Therapeutic advances in vascular calcification may have far-reaching public benefits. Vascular calcification is a frequent complication of diabetes mellitus associated with the increase of morbidity and mortality. Although the precise mechanism has not been determined, vascular calcification is known to be an active process involving ectopic bone formation, in which osteogenic differentiation occurs in the cells transdifferentiated from other lineages. Previous studies have shown that vascular endothelial cells switch cell fate to differentiate into osteoblastic-like cells in vascular calcification. However, it is unknown if reversing this switch by inducing osteoblastic-endothelial transdifferentiation ameliorates vascular calcification. Advanced investigations have shown that the small molecules are able to reprogram and modulate cell fates, and also shown that endothelial-like cells can be transdifferentiated from other lineages. In present proposal, we take advantage of a small molecule identified by using high throughput technology, aiming to induce osteoblastic-endothelial transdifferentiation and investigate the effects on vascular calcification in diabetes mellitus. In preliminary data, we use a high throughput model to identify that GSK3 inhibitor SB216763 converts osteoblasts into endothelial-like cells. We show that SB216763 or limiting GSK3 modulates protein levels of SMAD1 and - catenin and their transcriptional activity to switch the osteoblastic fate for endothelial differentiation. Furthermore, SB216763 treatment reduces EC-origin osteogenic differentiation and decreases calcification in aorta of matrix Gla protein null mouse, an established model of vascular calcification. The treatment of SB216763 also decreases arterial calcification in diabetic Ins2Akita/+ mice without affecting other tissues. Therefore, we hypothesize that GSK3 inhibition induces osteoblastic-endothelial transdifferentiation to ameliorate vascular calcification in diabetes mellitus.

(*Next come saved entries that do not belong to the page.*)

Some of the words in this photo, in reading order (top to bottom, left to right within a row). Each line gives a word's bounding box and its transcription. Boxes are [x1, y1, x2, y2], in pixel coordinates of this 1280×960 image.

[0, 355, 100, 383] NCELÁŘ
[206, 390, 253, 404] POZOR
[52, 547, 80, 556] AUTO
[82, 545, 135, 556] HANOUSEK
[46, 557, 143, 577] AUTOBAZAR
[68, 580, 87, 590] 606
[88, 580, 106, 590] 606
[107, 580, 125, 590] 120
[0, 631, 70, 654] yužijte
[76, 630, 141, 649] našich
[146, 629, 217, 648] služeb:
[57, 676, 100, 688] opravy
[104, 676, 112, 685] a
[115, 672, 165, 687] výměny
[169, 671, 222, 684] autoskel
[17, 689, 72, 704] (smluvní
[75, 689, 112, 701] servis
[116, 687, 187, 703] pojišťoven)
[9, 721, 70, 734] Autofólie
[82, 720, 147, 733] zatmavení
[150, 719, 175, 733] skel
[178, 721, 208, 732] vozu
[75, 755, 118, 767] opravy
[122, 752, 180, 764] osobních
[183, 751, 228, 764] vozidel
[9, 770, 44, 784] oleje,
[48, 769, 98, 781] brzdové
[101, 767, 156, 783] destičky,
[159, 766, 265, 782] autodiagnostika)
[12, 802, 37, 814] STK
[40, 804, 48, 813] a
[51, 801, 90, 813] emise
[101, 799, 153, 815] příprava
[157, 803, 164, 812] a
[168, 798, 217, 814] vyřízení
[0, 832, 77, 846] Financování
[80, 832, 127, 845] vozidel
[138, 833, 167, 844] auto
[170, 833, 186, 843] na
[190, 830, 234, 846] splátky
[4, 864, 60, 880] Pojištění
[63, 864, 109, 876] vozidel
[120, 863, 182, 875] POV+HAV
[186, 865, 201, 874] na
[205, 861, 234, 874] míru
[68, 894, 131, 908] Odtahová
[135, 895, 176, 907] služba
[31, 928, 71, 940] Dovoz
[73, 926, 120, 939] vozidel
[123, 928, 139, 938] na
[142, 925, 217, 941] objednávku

In specific Aim 1, we will elucidate the mechanism underlying osteoblastic-endothelial transdifferentiation induced by GSK3 inhibition.
In specific Aim 2, we will determine if GSK3 inhibition ameliorates vascular calcification in diabetic mouse model. If successful, it will build osteoblastic-endothelial transdifferentiation as a new concept, and GSK3 inhibitor SB216763 may emerge as a new therapeutic approach to treat calcification in acquired vascular diseases.
Our studies are relevant to the treatment of disease of the vessels in diabetic patients. This study focuses on the inhibition of glycogen synthase kinase 3 (GSK3), and how it prevents the hardening of the vessels. Understanding how these work may lead to new strategies for the treatment.